So. It's a known thing in fiction writing that some bits of it will flow automatically for you and some bits you'll have to kind of work at, and which bits are which will vary from person to person. Naming characters, for example, appears to be pulling teeth for some of my friends and easy-peasy for some of my friends and somewhere in the middle for others. Right? And I have a technobabble generator lodged behind my eyes, among other things. If you say that we're doing xenobotany, I can give you xenobotany terms about the quasi-stamen and the carnivorous sympodial group until the trilete spores reconverge.
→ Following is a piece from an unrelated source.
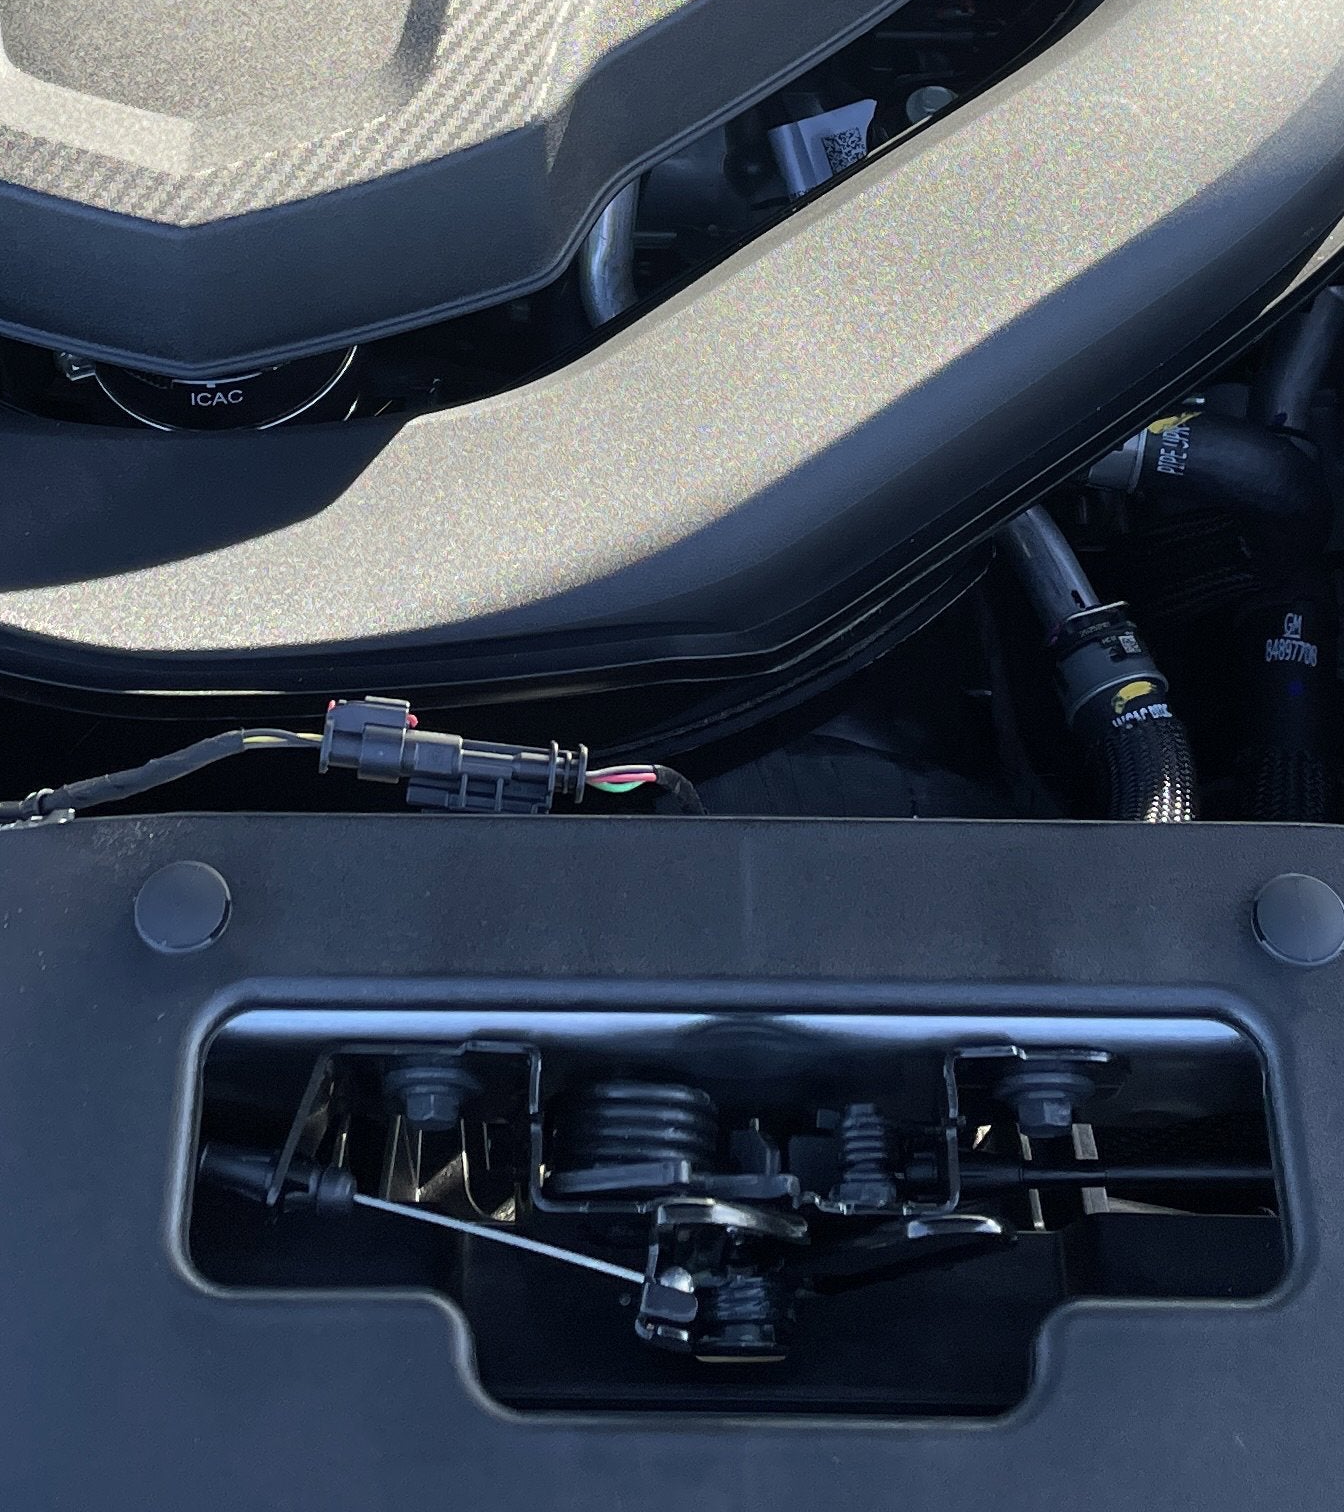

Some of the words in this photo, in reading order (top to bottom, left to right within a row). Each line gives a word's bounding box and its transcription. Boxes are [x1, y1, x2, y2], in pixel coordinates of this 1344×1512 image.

[190, 390, 244, 406] ICAC
[1157, 448, 1188, 476] PIPE
[1283, 612, 1302, 637] GM
And move on with the rest of the story, 'cause that's how I do.

Okay, so the new law of the universe is: there is an inverse relationship between how long it took you to come up with something and the likelihood that an interviewer will ask how you thought of it. "How did you come up with _____?" might be the thing you can honestly answer by saying, "Well, it's interesting you should ask that, Interviewer, because here is an answer that is witty and erudite, a little bit self-deprecating, and concise. Haha! Oh, and also brings in a close friend or member of my family who will enjoy being referred to." But the odds are muuuuuch better that they ask you, "How did you come up with _____?" when the answer is, "Um...in my...brain? Which comes up with things and I don't know why? Can you ask me about...this other thing? Because it will be a better anecdote. This other thing I can explain."

Maybe this is not a law of the universe. Maybe this is just me.

Anyway because it is my job to make stuff up, about half the answers to "how did you come up with _____?" are made up. Because, "Dunno, I make stuff up sometimes, next question," is just rude, and also not very entertaining.

It's also true, though. I make stuff up sometimes. Then people pay me. It's a good deal when it works. Sometimes it comes with funny stories about the funny stories, but honestly, sometimes the funny stories are just here because I have spent 30 years or so making my brain into a thingy that makes funny stories. Which...turtles all the way down? Do you suppose that's a good answer? No, I didn't think so either.

I think I might default to, "So I was reading this biography of Woody Guthrie...."

See, there's at least one science fiction idea of mine to which that's an honest answer for "how did you come up with." But now you're not going to know which one.

I bet you couldn't tell I was procrastinating from revisions. Oh wait! I have smart friends. You totally could tell. But the interview question thing really was real.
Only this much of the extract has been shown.